Is there another way to make this work at all, based on how things are linked currently? They don't want to change/add include files; "enum class" is C++ only, correct? Adding just "enum VM_TYPE" to cpp_header.hpp will get error about redefinition.

What can I do?


  • In the particular situation described in your question, you don't need to forward declare at all. All the files you #include are going to essentially get copy-pasted into a single translation unit before compilation proper begins, and since you #include "export.h" before you #include "cpp_header.hpp", then it'll just work, because by the time the compiler sees the definition of struct VM_INFO, it'll already have seen the definition of enum _VM_TYPE, so you've got no problem. There's basically no difference here between including "export.h" in "cpp_header.hpp", and including them both in "cpp_code.cpp" in that order, since you end up with essentially the same code after preprocessing. So all you have to do here is make sure you get your includes in the correct order.

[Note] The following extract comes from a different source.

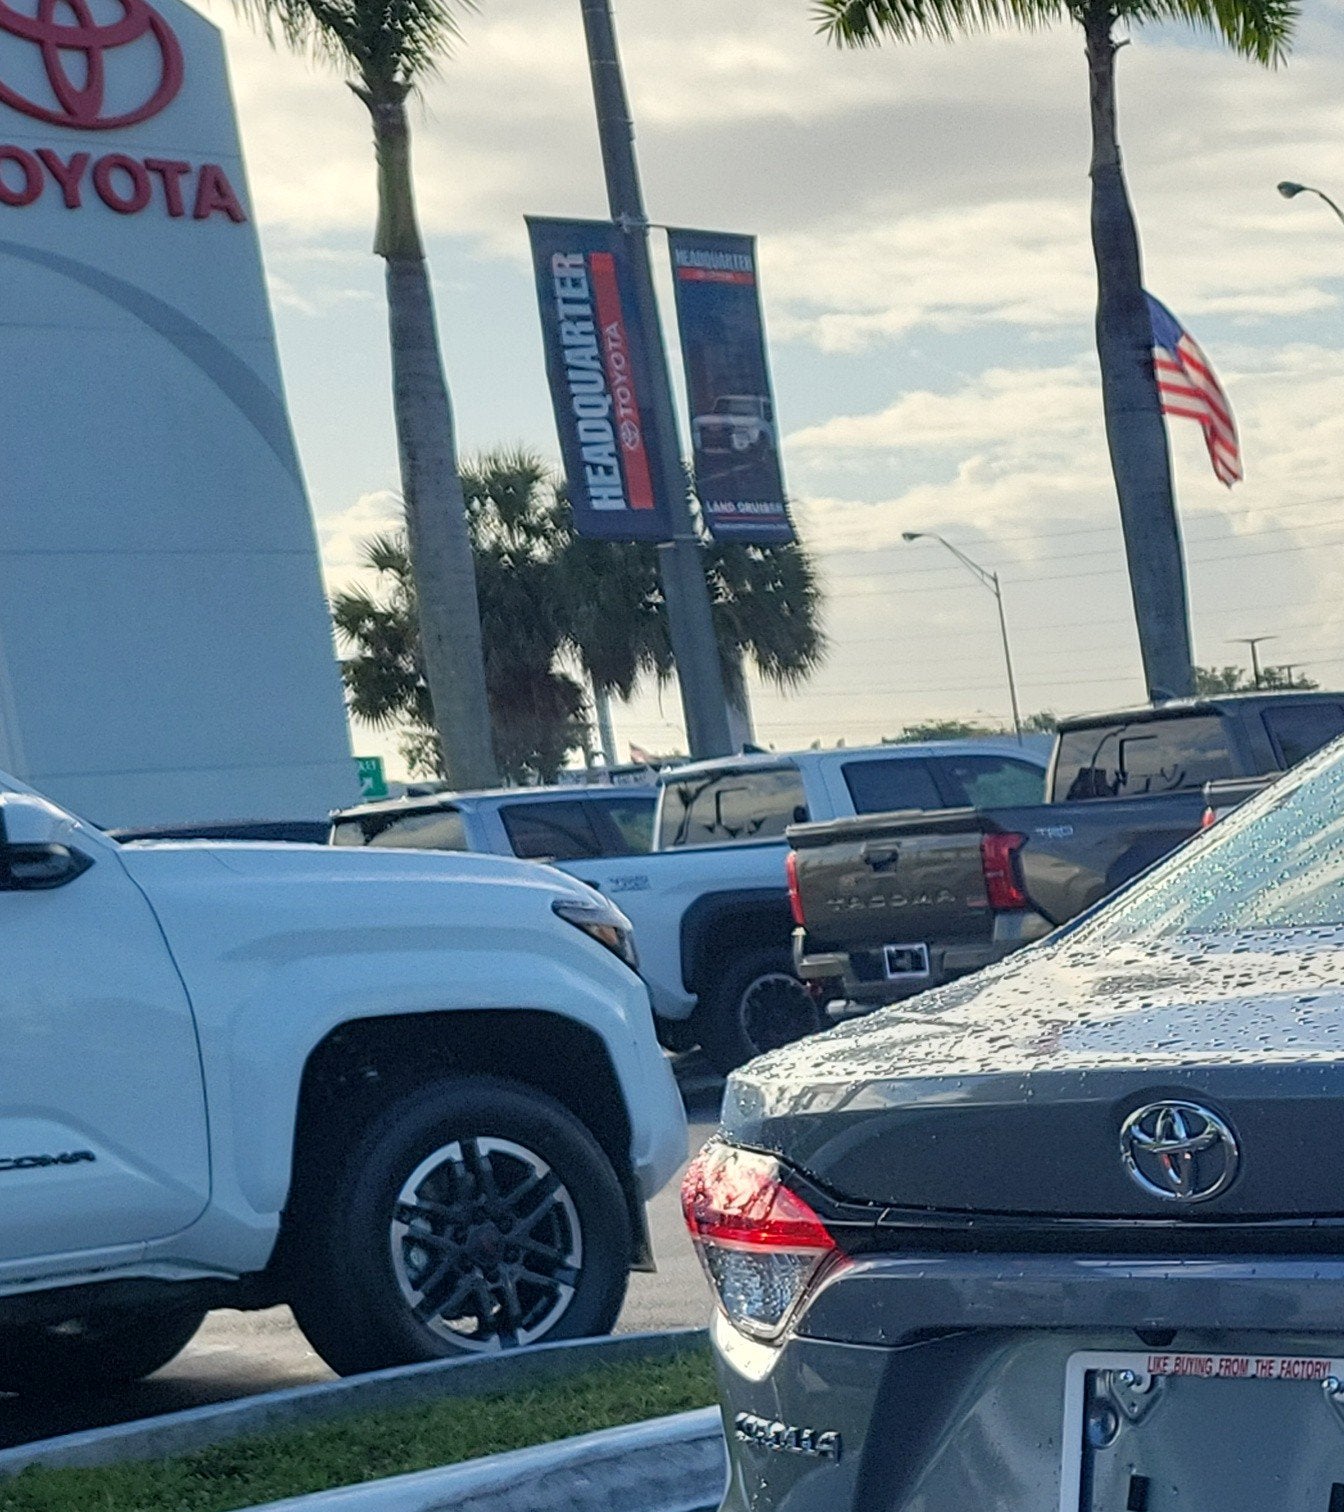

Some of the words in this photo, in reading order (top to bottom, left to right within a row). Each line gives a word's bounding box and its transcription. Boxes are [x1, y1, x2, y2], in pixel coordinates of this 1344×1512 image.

    If you ever wanted to #include "cpp_header.hpp" without including "export.h" in a translation unit where you need to access the members of struct VM_INFO (so that leaving it as an incomplete type isn't an option) then "export.h" is just badly designed, and you should break out the definition of anything you might need separately into a new header. If, as the comments suggest, you absolutely cannot do this and are required to have a suboptimal design, then your next best alternative would be to have two versions of "cpp_header.hpp", one which just repeats the definition of enum _VM_TYPE, and one which does not. You'd #include the first version in any translation unit where you do not also #include "export.h", and #include the second version in any translation unit where you do. Obviously any code duplication of this type is inviting problems in the future.

    Also, names beginning with an underscore and a capital letter are always reserved in C, so you really shouldn't use them. If a future version of C ever decides to make use of _VM_TYPE, then you'll be stuck with either using an outdated version of C, or having all this code break.